Total income : Sum of interest/discount earned, commission, exchange, brokerage and other operating income.

Total operating expenses : Sum of interest expended, staff expenses and other overheads.

Operating profit before provisions : Net of total income and total operating expenses.


Net operating profit : Operating profit before provision minus provision for loan losses, depreciation in investments, write off and other provisions.

Profit before tax (PBT) : (Net operating profit +/- realized gains/losses on sale of assets)

Profit after tax (PAT) : Profit before tax – provision for tax.

Retained earnings : Profit after tax – dividend paid/proposed.

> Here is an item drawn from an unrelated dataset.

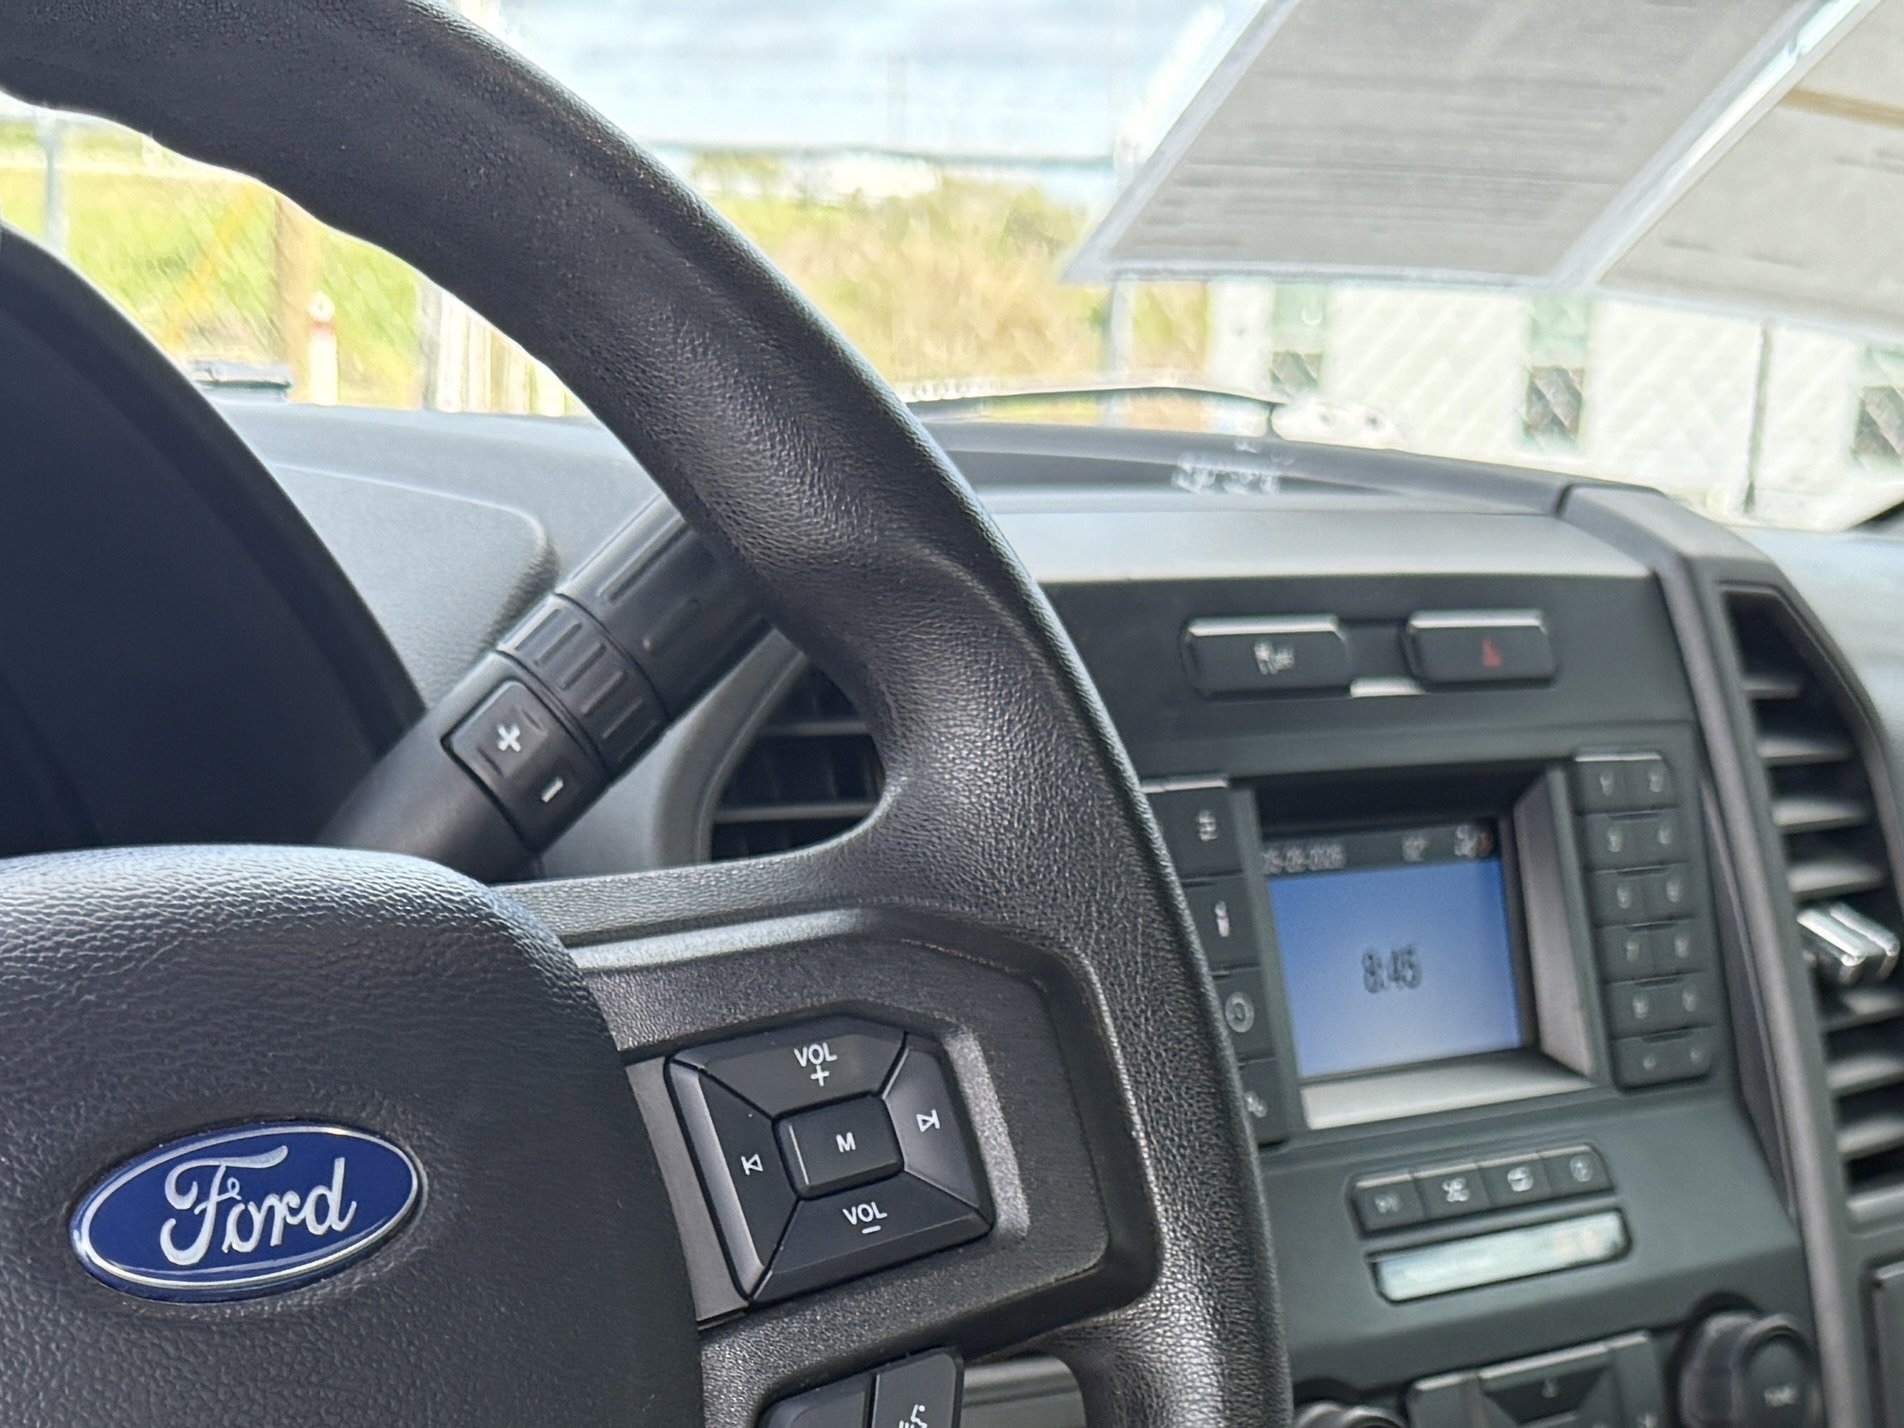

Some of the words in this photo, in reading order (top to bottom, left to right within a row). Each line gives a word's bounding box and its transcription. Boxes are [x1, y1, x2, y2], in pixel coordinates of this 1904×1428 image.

Average Yield : (Interest and discount earned/average interest earning assets)*100

Average cost : (Interest expended on deposits and borrowings/Average interest bearing liabilities)*100

Return on Asset (ROA)- After Tax : Return on Assets (ROA) is a profitability ratio which indicates the net profit (net income) generated on total assets. It is computed by dividing net income by average total assets. Formula- (Profit after tax/Av. Total assets)*100

Return on equity (ROE)- After Tax : Return on Equity (ROE) is a ratio relating net profit (net income) to shareholders’ equity. Here the equity refers to share capital reserves and surplus of the bank. Formula- Profit after tax/(Total equity + Total equity at the end of previous year)/2}*100

Accretion to equity : (Retained earnings/Total equity at the end of previous year)*100

Net Non-Interest Income : The differential (surplus or deficit) between non-interest income and non-interest expenses as a percentage to average total assets.

Net Interest Income ( NII) : The NII is the difference between the interest income and the interest expenses.

Net Interest Margin : Net interest margin is the net interest income divided by average interest earning assets.

Cost income ratio (Efficiency ratio) : The cost income ratio reflects the extent to which non-interest expenses of a bank make a charge on the net total income (total income – interest expense). The lower the ratio, the more efficient is the bank. Formula: Non interest expenditure / Net Total Income * 100.